Exercise objective:
For this task, output every entry below exactly and omit the pictures.

Task material:
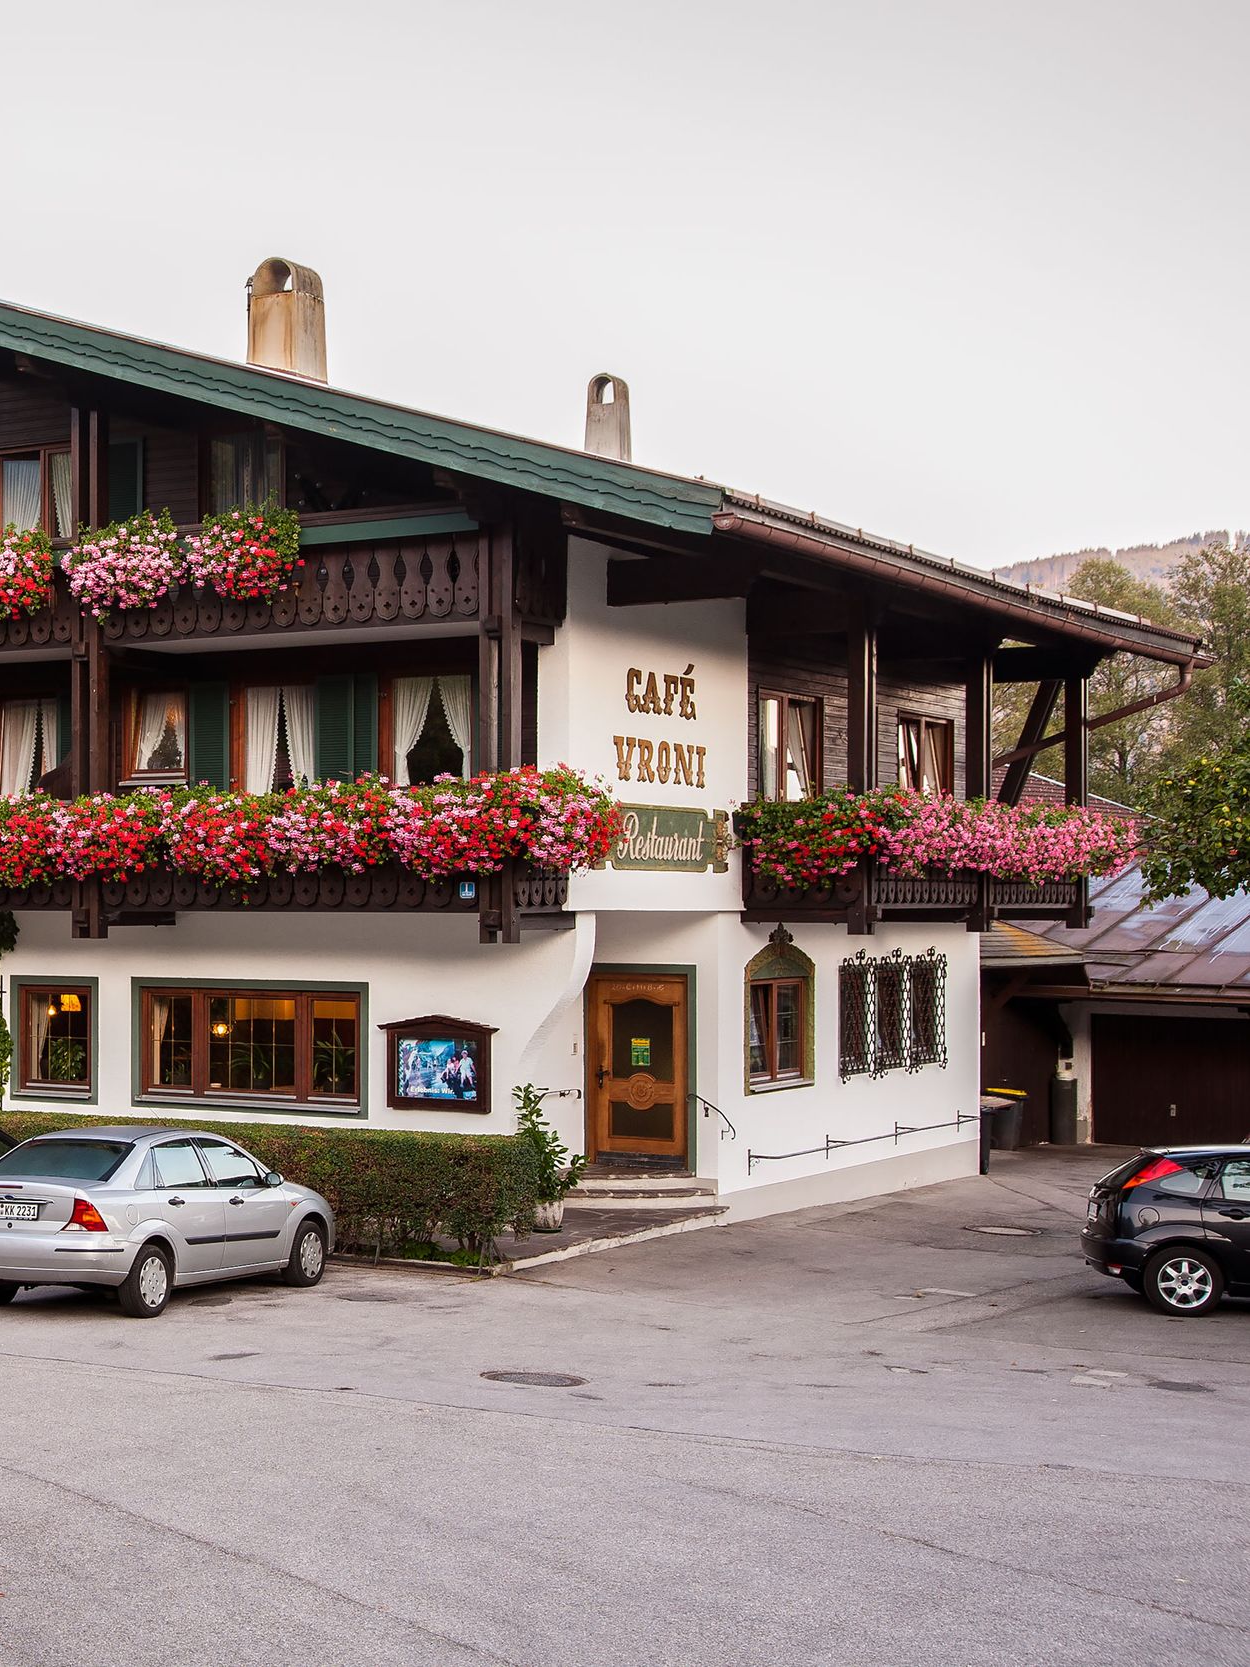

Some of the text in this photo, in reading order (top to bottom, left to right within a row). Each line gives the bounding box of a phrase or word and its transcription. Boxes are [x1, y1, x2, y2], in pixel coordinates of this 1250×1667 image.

[625, 663, 697, 720] CAFÉ
[613, 735, 706, 789] VRONI
[617, 812, 705, 862] Restaurant
[4, 1205, 15, 1216] KK
[16, 1206, 37, 1217] 2231

Exercise output:
Some of the text in this photo, in reading order (top to bottom, left to right within a row). Each line gives the bounding box of a phrase or word and its transcription. Boxes are [x1, y1, x2, y2], in pixel coordinates of this 1250×1667 image.

[625, 663, 697, 720] CAFÉ
[613, 735, 706, 789] VRONI
[617, 812, 705, 862] Restaurant
[4, 1205, 15, 1216] KK
[16, 1206, 37, 1217] 2231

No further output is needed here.